TASK BRIEF –
An exact, complete printout of the listing is wanted, minus its images.
[Opening SOURCE MATERIAL section]
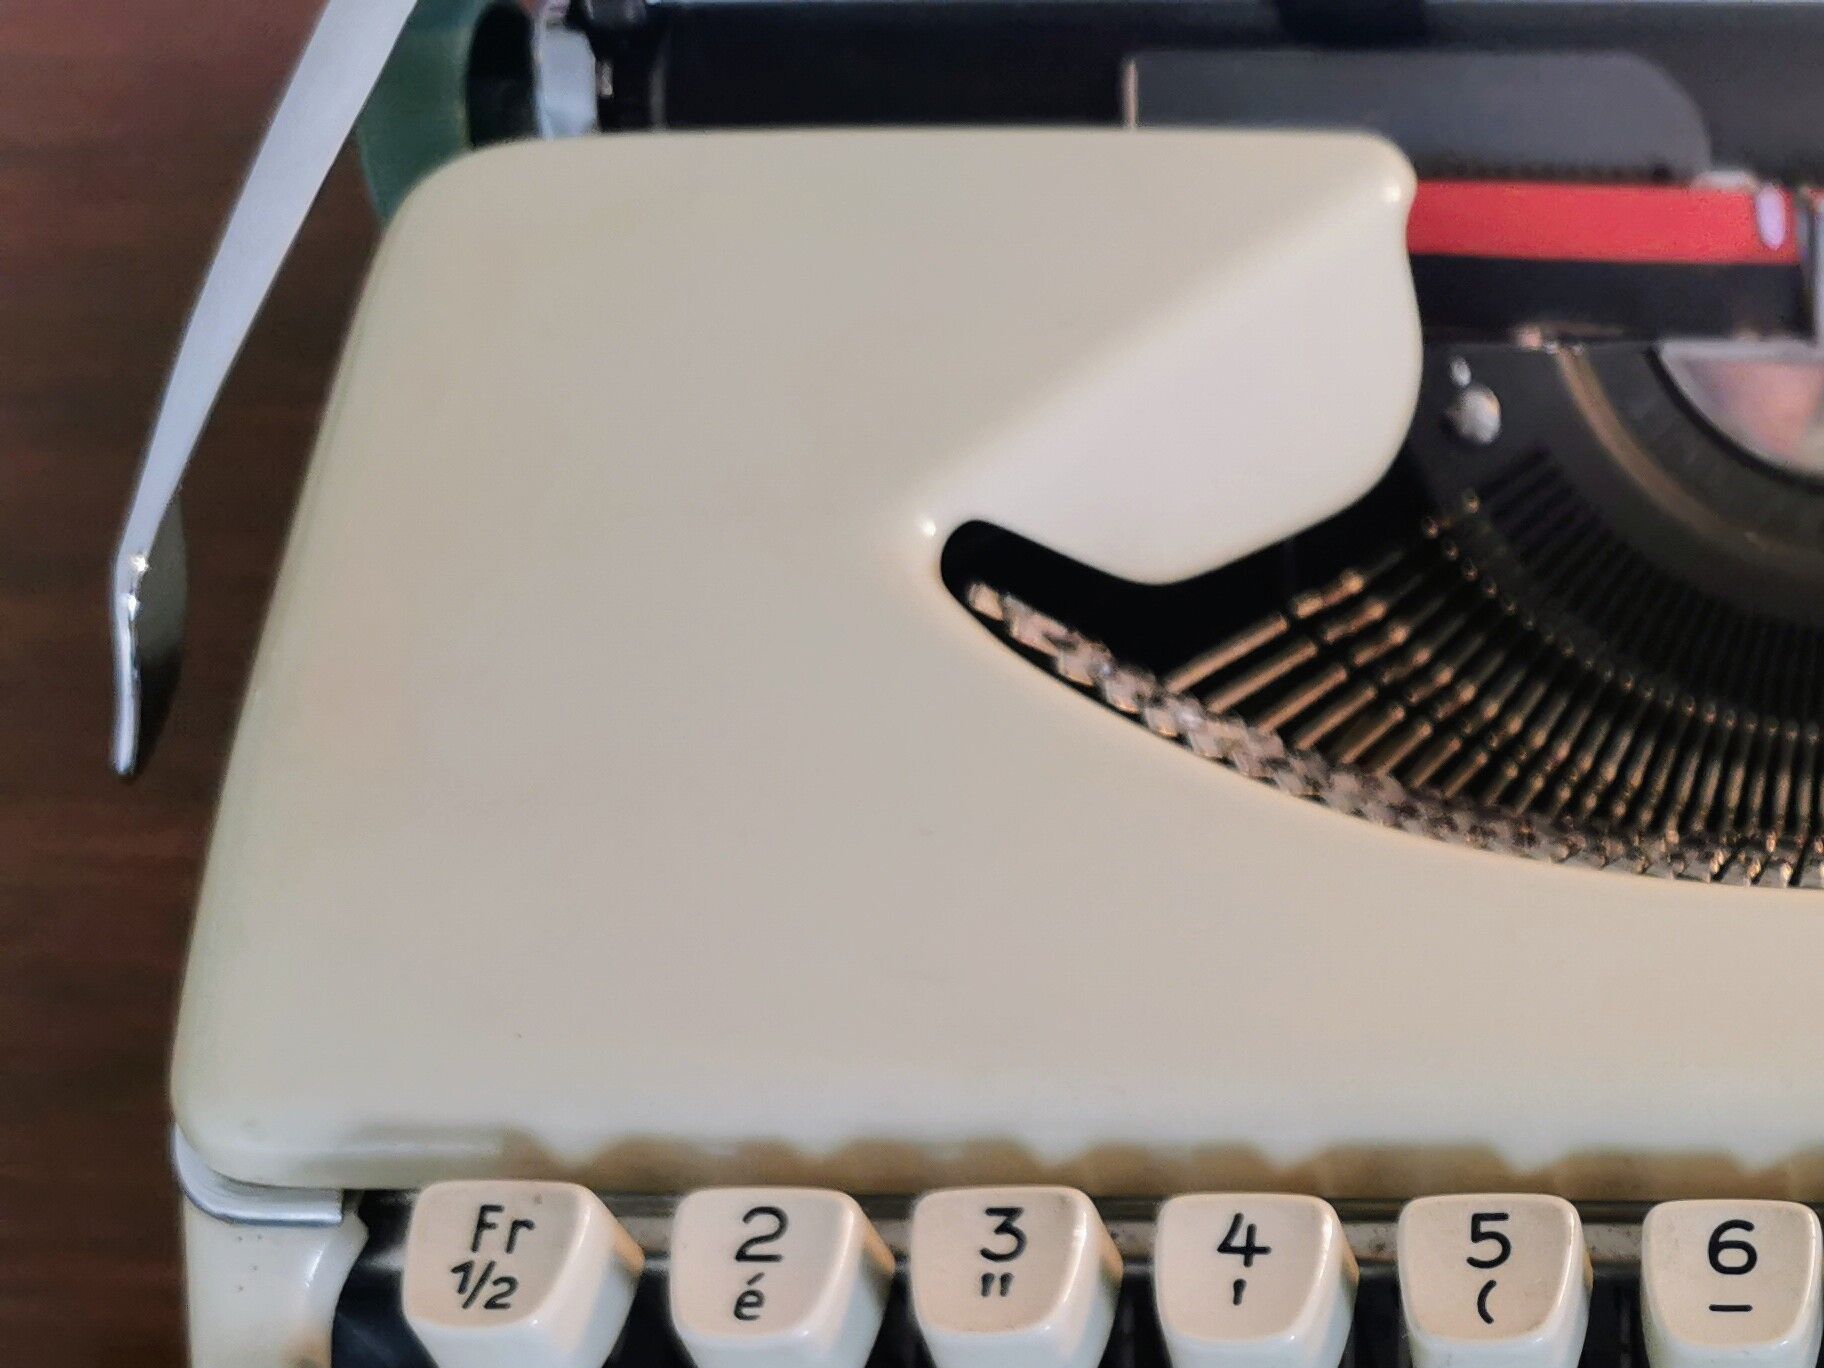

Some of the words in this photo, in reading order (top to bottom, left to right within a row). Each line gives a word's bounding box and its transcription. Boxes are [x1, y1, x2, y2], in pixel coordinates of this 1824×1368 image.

[471, 1205, 534, 1253] Fr
[734, 1206, 787, 1262] 2
[980, 1207, 1026, 1262] 3
[1217, 1213, 1270, 1267] 4
[1467, 1213, 1511, 1269] 5
[1708, 1220, 1757, 1275] 6
[733, 1273, 764, 1321] é
[1477, 1280, 1496, 1324] (
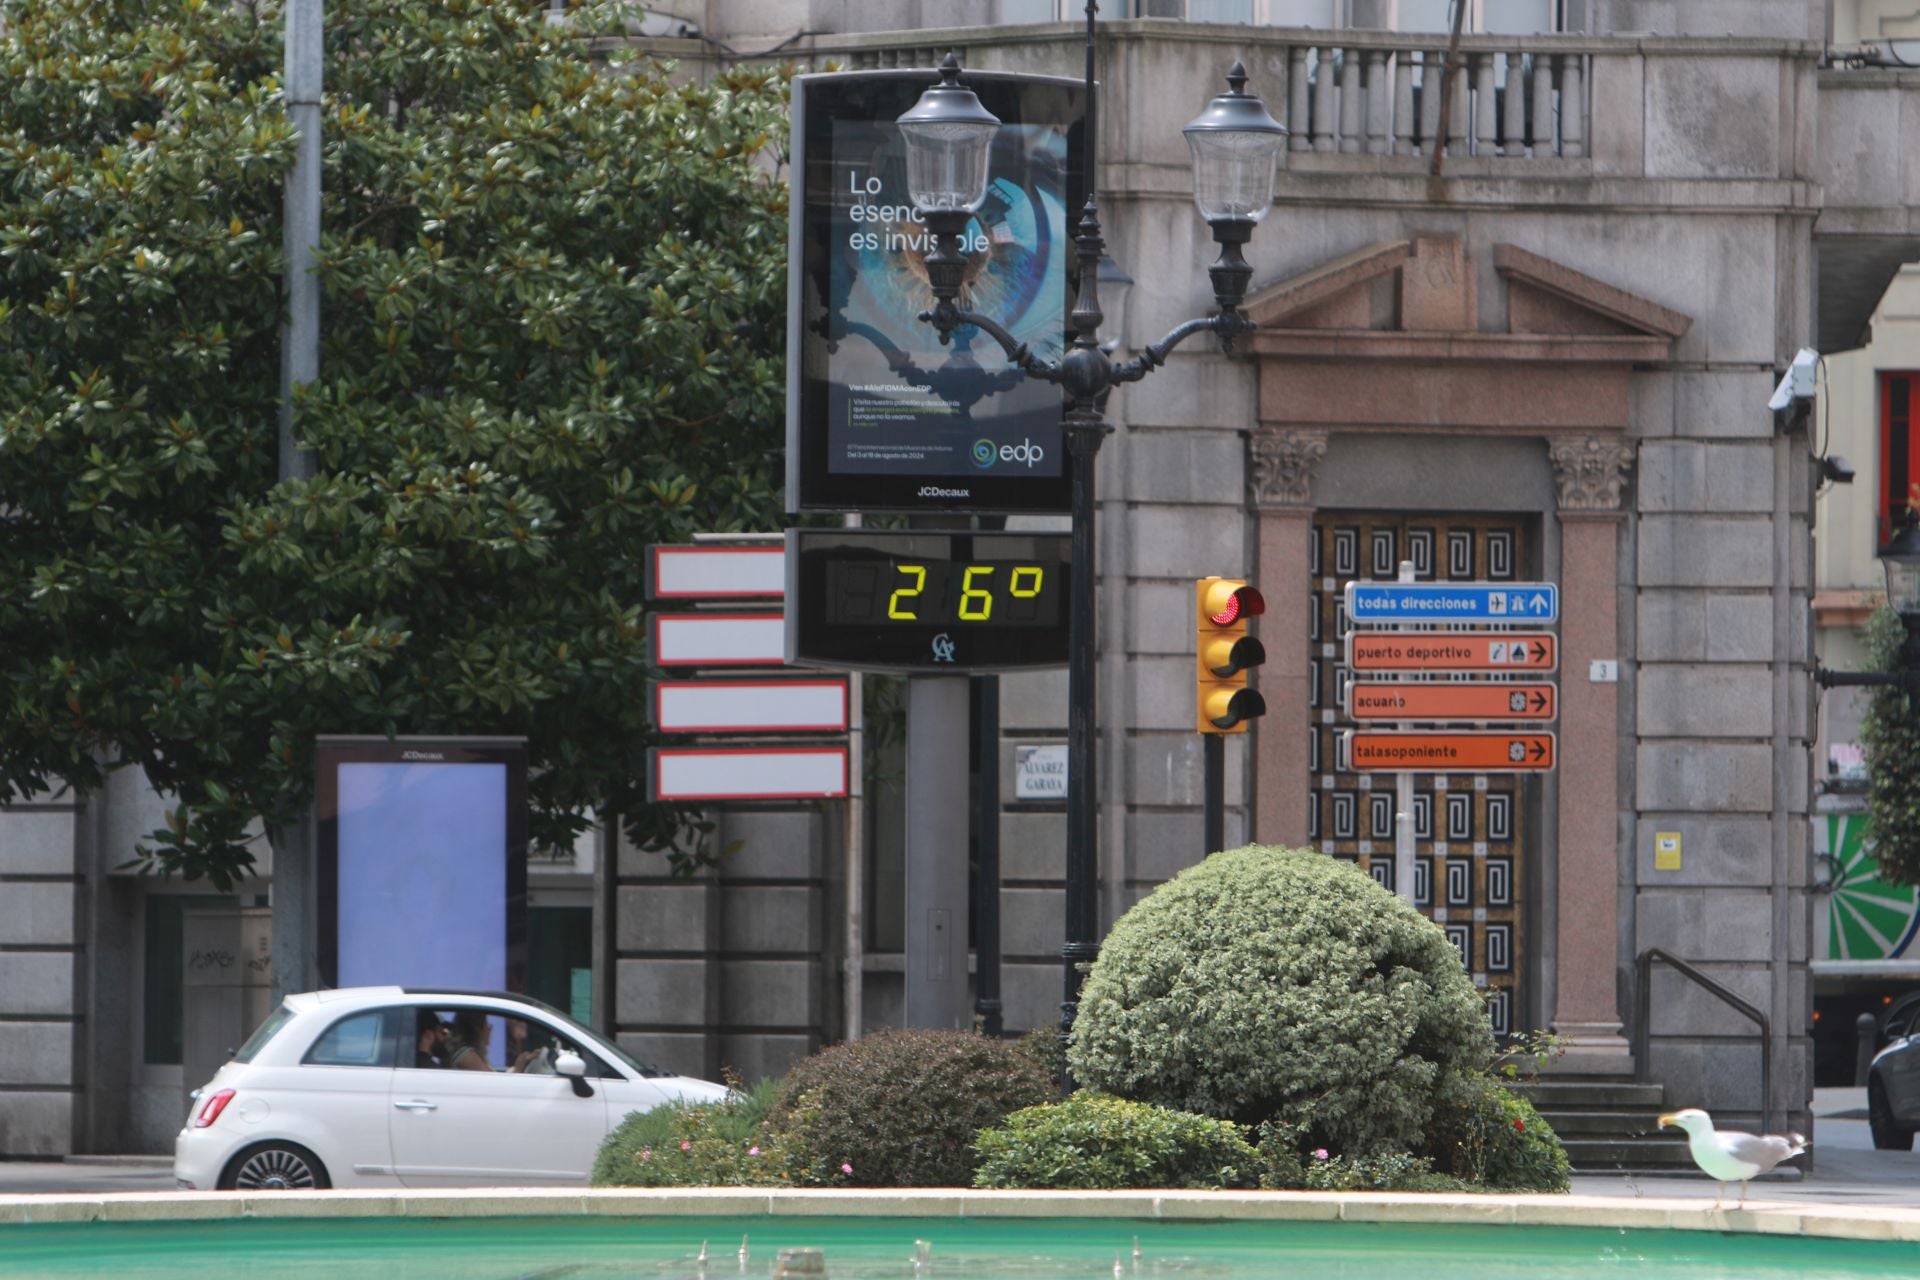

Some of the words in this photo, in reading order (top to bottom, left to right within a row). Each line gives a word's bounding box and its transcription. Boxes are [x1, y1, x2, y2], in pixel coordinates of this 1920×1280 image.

[850, 171, 882, 194] Lo
[849, 232, 878, 250] es
[885, 227, 989, 252] invisle
[999, 438, 1044, 467] edp
[917, 486, 970, 497] JCDecaux
[1358, 596, 1396, 609] todas
[1401, 596, 1477, 609] direcciones
[1357, 646, 1402, 660] puerto
[1406, 646, 1472, 660] deportivo
[1600, 663, 1607, 678] 3
[1357, 696, 1406, 708] acuario
[1357, 745, 1457, 759] talasoponiente
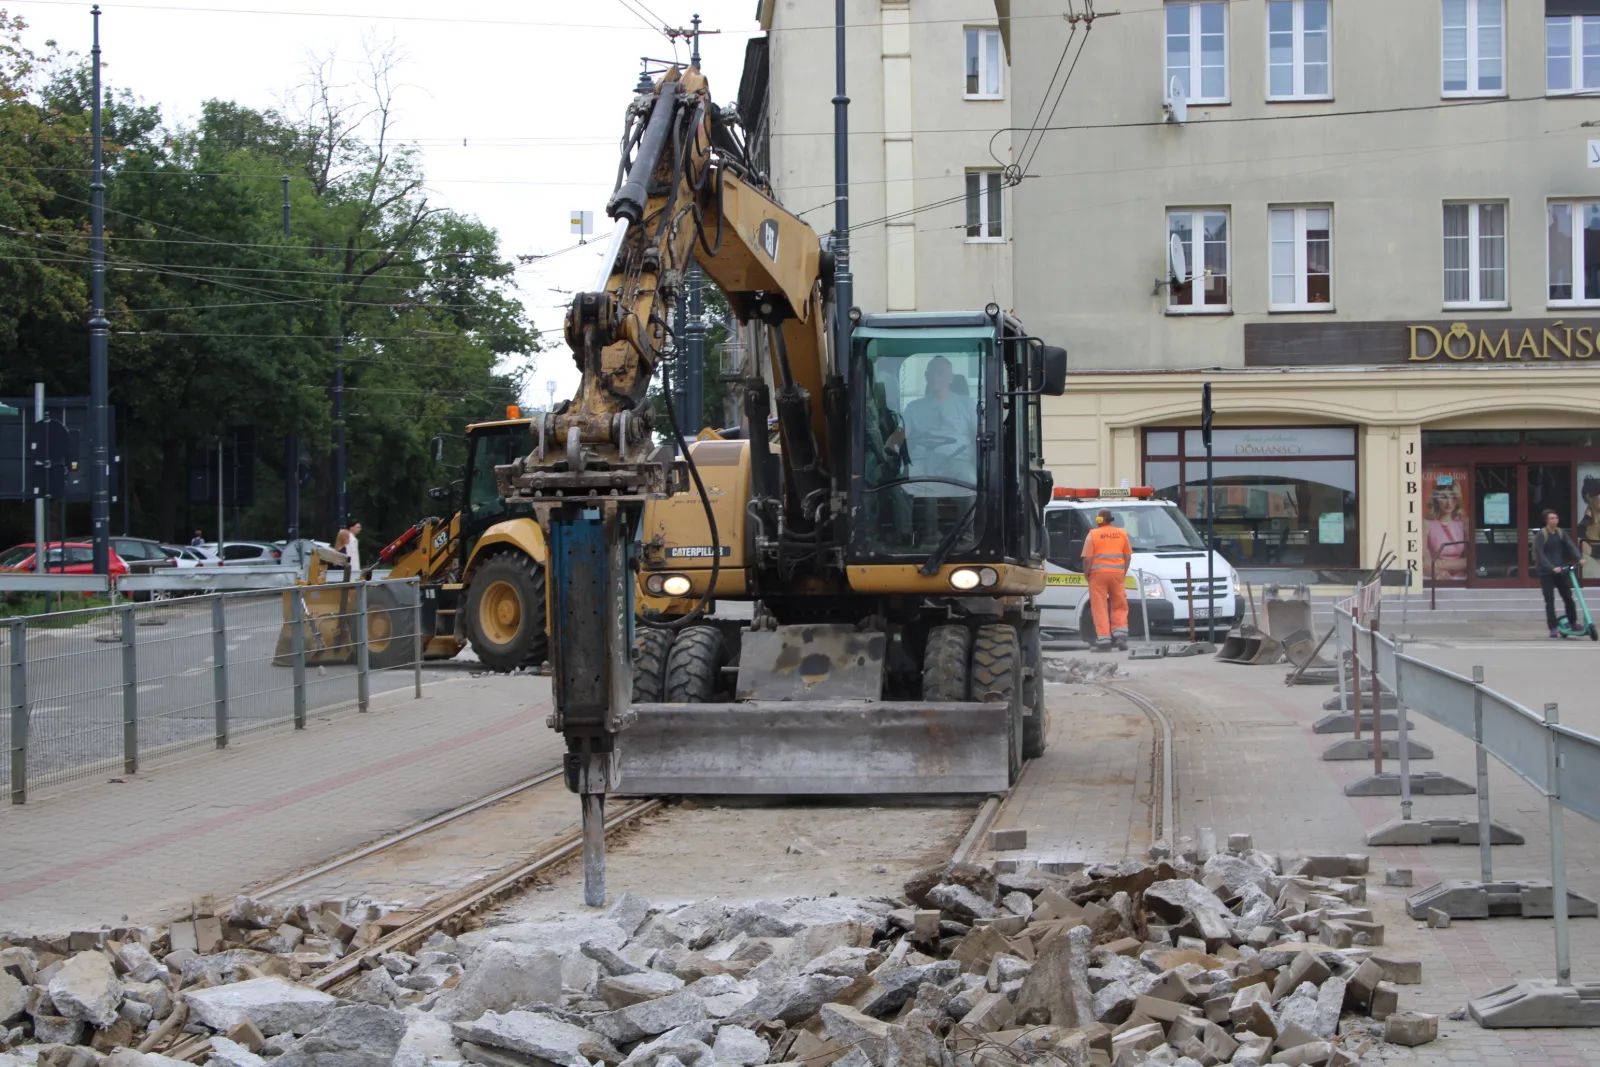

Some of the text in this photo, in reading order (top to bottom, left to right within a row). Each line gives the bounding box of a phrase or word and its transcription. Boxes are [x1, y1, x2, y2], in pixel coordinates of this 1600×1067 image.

[1407, 320, 1600, 360] DOMAŃS
[1405, 442, 1418, 572] JUBILER
[671, 547, 724, 557] CATERPILLR
[1047, 576, 1060, 584] MPK
[Closing SOURCE MATERIAL section]
TASK RESULT –
Some of the words in this photo, in reading order (top to bottom, left to right within a row). Each line gives a word's bounding box and its transcription. Boxes are [x1, y1, x2, y2], in pixel coordinates of this 1824×1368 image.

[471, 1205, 534, 1253] Fr
[734, 1206, 787, 1262] 2
[980, 1207, 1026, 1262] 3
[1217, 1213, 1270, 1267] 4
[1467, 1213, 1511, 1269] 5
[1708, 1220, 1757, 1275] 6
[733, 1273, 764, 1321] é
[1477, 1280, 1496, 1324] (

Some of the words in this photo, in reading order (top to bottom, left to right within a row). Each line gives a word's bounding box and its transcription. Boxes are [x1, y1, x2, y2], in pixel coordinates of this 1920×1280 image.

[850, 171, 882, 194] Lo
[849, 232, 878, 250] es
[885, 227, 989, 252] invisle
[999, 438, 1044, 467] edp
[917, 486, 970, 497] JCDecaux
[1358, 596, 1396, 609] todas
[1401, 596, 1477, 609] direcciones
[1357, 646, 1402, 660] puerto
[1406, 646, 1472, 660] deportivo
[1600, 663, 1607, 678] 3
[1357, 696, 1406, 708] acuario
[1357, 745, 1457, 759] talasoponiente

Some of the text in this photo, in reading order (top to bottom, left to right within a row). Each line gives the bounding box of a phrase or word and its transcription. Boxes are [x1, y1, x2, y2], in pixel coordinates of this 1600×1067 image.

[1407, 320, 1600, 360] DOMAŃS
[1405, 442, 1418, 572] JUBILER
[671, 547, 724, 557] CATERPILLR
[1047, 576, 1060, 584] MPK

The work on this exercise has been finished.